> Work instructions
Output the data once more, exactly as given.

> Input data
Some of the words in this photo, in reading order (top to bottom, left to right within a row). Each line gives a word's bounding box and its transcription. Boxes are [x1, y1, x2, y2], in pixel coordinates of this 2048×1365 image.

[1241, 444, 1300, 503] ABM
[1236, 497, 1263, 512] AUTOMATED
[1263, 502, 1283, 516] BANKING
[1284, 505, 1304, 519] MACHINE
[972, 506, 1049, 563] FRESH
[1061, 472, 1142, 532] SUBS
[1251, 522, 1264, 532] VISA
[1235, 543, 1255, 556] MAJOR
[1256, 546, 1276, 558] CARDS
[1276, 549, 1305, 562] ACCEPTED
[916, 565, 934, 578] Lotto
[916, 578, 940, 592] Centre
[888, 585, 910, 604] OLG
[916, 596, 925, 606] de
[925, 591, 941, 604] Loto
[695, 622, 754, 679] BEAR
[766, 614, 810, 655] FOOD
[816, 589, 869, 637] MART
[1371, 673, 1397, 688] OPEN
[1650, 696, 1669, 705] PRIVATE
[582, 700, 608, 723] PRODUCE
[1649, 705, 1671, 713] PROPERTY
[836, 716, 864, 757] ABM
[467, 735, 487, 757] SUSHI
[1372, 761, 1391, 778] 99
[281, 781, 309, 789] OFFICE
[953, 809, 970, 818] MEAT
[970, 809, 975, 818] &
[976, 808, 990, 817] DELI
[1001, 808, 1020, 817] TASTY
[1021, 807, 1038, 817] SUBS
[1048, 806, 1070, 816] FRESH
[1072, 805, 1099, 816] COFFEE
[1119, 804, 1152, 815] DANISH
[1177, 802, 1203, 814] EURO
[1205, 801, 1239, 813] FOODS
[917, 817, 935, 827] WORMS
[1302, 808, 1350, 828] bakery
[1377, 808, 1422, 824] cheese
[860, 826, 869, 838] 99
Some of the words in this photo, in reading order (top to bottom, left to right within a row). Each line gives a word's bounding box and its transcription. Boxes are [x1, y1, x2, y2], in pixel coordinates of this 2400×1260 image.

> Task solution
Some of the words in this photo, in reading order (top to bottom, left to right within a row). Each line gives a word's bounding box and its transcription. Boxes are [x1, y1, x2, y2], in pixel coordinates of this 2048×1365 image.

[1241, 444, 1300, 503] ABM
[1236, 497, 1263, 512] AUTOMATED
[1263, 502, 1283, 516] BANKING
[1284, 505, 1304, 519] MACHINE
[972, 506, 1049, 563] FRESH
[1061, 472, 1142, 532] SUBS
[1251, 522, 1264, 532] VISA
[1235, 543, 1255, 556] MAJOR
[1256, 546, 1276, 558] CARDS
[1276, 549, 1305, 562] ACCEPTED
[916, 565, 934, 578] Lotto
[916, 578, 940, 592] Centre
[888, 585, 910, 604] OLG
[916, 596, 925, 606] de
[925, 591, 941, 604] Loto
[695, 622, 754, 679] BEAR
[766, 614, 810, 655] FOOD
[816, 589, 869, 637] MART
[1371, 673, 1397, 688] OPEN
[1650, 696, 1669, 705] PRIVATE
[582, 700, 608, 723] PRODUCE
[1649, 705, 1671, 713] PROPERTY
[836, 716, 864, 757] ABM
[467, 735, 487, 757] SUSHI
[1372, 761, 1391, 778] 99
[281, 781, 309, 789] OFFICE
[953, 809, 970, 818] MEAT
[970, 809, 975, 818] &
[976, 808, 990, 817] DELI
[1001, 808, 1020, 817] TASTY
[1021, 807, 1038, 817] SUBS
[1048, 806, 1070, 816] FRESH
[1072, 805, 1099, 816] COFFEE
[1119, 804, 1152, 815] DANISH
[1177, 802, 1203, 814] EURO
[1205, 801, 1239, 813] FOODS
[917, 817, 935, 827] WORMS
[1302, 808, 1350, 828] bakery
[1377, 808, 1422, 824] cheese
[860, 826, 869, 838] 99
Some of the words in this photo, in reading order (top to bottom, left to right within a row). Each line gives a word's bounding box and its transcription. Boxes are [x1, y1, x2, y2], in pixel coordinates of this 2400×1260 image.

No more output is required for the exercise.